Charcot's joint or neuropathic joint has been described as a disorganised and relatively painless joint. There are a number of causes of this condition (box 2) but no consensus regarding the pathogenesis. The neurotraumatic theory suggests that the changes result from repeated mechanical trauma to a joint that is insensitive to pain. The neurovascular theory proposes that the changes result from a neurally initiated vascular reflex that leads to hyperaemia and active bone resorption by osteoclasts.1 Forty years back, 90% of neuropathic arthropathies were related to tabes dorsalis, the remainder being distributed among the other disease entities. With the control of syphilis, diabetes mellitus and syringomyelia now account for a substantially larger proportion of Charcot's joints.2 Different aetiologies have predisposition to affect different joints in the body (box 3). Presently it is most commonly seen in the midfoot and forefoot of diabetic patients.

Box 2 : Causes of neuropathic joints

  1. Neural abnormality

    • Tabes dorsalis.

    • Syringomyelia.

    • Meningocele.

    • Spinal cord trauma.

    • Multiple sclerosis.

    • Paraplegia.

    • Arachnoiditis.

    • Adhesive arachnoiditis.

    • Arnold-Chiari malformation.

    • Charcot-Marie-Tooth disease.

    • Alcoholic neuropathy.

    • Leprosy.

    • Myelopathy of pernicious anaemia.

    • Congenital insensitivity to pain.

    • Familial amyloid neuropathy.

    • Non-familial amyloid neuropathy in dialysis patients.

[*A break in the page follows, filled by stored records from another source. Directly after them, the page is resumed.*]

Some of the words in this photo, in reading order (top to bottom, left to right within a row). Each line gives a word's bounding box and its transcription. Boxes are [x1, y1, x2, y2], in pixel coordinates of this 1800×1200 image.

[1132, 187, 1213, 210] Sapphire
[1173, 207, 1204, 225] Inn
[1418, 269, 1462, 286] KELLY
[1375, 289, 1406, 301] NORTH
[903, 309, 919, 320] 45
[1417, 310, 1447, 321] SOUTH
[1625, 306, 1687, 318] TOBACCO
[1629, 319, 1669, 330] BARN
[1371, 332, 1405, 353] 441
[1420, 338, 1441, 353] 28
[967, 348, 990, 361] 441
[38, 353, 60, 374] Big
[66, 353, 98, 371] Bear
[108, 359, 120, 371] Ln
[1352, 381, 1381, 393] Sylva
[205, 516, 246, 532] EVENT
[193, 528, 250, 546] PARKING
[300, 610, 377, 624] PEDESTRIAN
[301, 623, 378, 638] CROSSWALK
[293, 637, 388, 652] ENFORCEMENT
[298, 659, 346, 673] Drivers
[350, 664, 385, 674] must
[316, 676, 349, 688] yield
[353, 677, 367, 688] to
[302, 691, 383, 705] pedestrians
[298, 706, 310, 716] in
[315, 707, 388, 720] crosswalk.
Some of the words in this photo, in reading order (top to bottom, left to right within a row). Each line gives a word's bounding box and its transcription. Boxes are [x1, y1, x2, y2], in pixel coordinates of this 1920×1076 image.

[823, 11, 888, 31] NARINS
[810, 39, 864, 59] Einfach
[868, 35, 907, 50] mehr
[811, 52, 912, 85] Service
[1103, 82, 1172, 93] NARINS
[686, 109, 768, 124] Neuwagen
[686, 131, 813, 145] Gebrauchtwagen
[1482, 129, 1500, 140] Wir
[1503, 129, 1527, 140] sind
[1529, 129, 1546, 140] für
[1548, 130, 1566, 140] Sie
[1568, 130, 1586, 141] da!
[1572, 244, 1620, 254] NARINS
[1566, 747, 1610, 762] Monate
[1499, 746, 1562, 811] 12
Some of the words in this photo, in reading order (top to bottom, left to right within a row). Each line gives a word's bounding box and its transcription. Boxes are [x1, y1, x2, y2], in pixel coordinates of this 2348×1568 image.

    • Familial dysautonomia.

  2. Endocrine pathology

    • Diabetes mellitus.

    • Acromegaly.

  3. Infections

    • Leprosy.

    • Yaws.

  4. Drugs

    • Thalidomide.

    • Intra-articular steroids.

  5. Others

    • Calcium pyrophosphate dihydrate crystal deposition.

    • Amyloidosis associated with Waldenstorm's macroglobinuria.

    • Chronic haemodialysis.

    • Juvenile rheumatoid arthritis.

    • Scleroderma (with cervical osteolysis).

Box 3 Joints frequently involved in different conditions

  1. Diabetes mellitus

    • Tarsal and metatarsal joints.

    • Ankle joint.

  2. Tabes dorsalis

    • Knee.

    • Hip.

    • Spine.

  3. Syringomyelia

    • Shoulder.

    • Elbow.

    • Cervical spine.

  4. Calcium pyrophosphate dihydrate crystal deposition

    • Knee.

    • Hip.

Pain is most often the presenting feature, though it is not commensurate with the severity of the joint destruction. Some patients have no pain in the affected joints. Pain often increases with spontaneous fractures and dislocations. The joint is distended due to the effusion and synovitis. It is not inflammatory in nature, though in calcium pyrophosphate dihydrate crystal deposition disease it can be inflammatory. It may even be bloody or xanthochromic in nature at times.3

Radiographs show changes similar to those of osteoarthritis in the initial stages. But later on there is subluxation, fragmentation, and proliferation of bone with lot of debris in the joint. The bone destruction and joint disorganisation seen in radiographs should be distinguished from other causes of osteolysis (box 1). Bone scan shows increased uptake even in early disease. Pathological changes are similar to those of osteoarthritis but there is active pannus formation in Charcot's joints. Often the infection in these joints is difficult to diagnose. Delay in diagnosis of neuropathic joint is fairly common.4

Neuropathic shoulder is relatively a rare disorder and Arnold-Chiari malformation is an exceptionally rare cause of Charcot's joint. This is probably the fourth case of Charcot's shoulder due to Arnold-Chiari malformation.2

Treatment requires the management of the underlying condition if possible and the control of infection of the joint if present. Patient education has a major role in the management. They have to be taught regarding the use of protective footwear, braces, a cane, and immobilisation. Arthrodesis can be performed for unstable joints, though it is difficult and requires resection of great amount of bone. Total joint replacement is also not recommended because of lack of capsuloligamentous support, though they have been performed in hip and knee with success in 3–7 years follow up.5

Final diagnosis

Charcot's arthropathy of shoulder due to Arnold-Chiari malformation.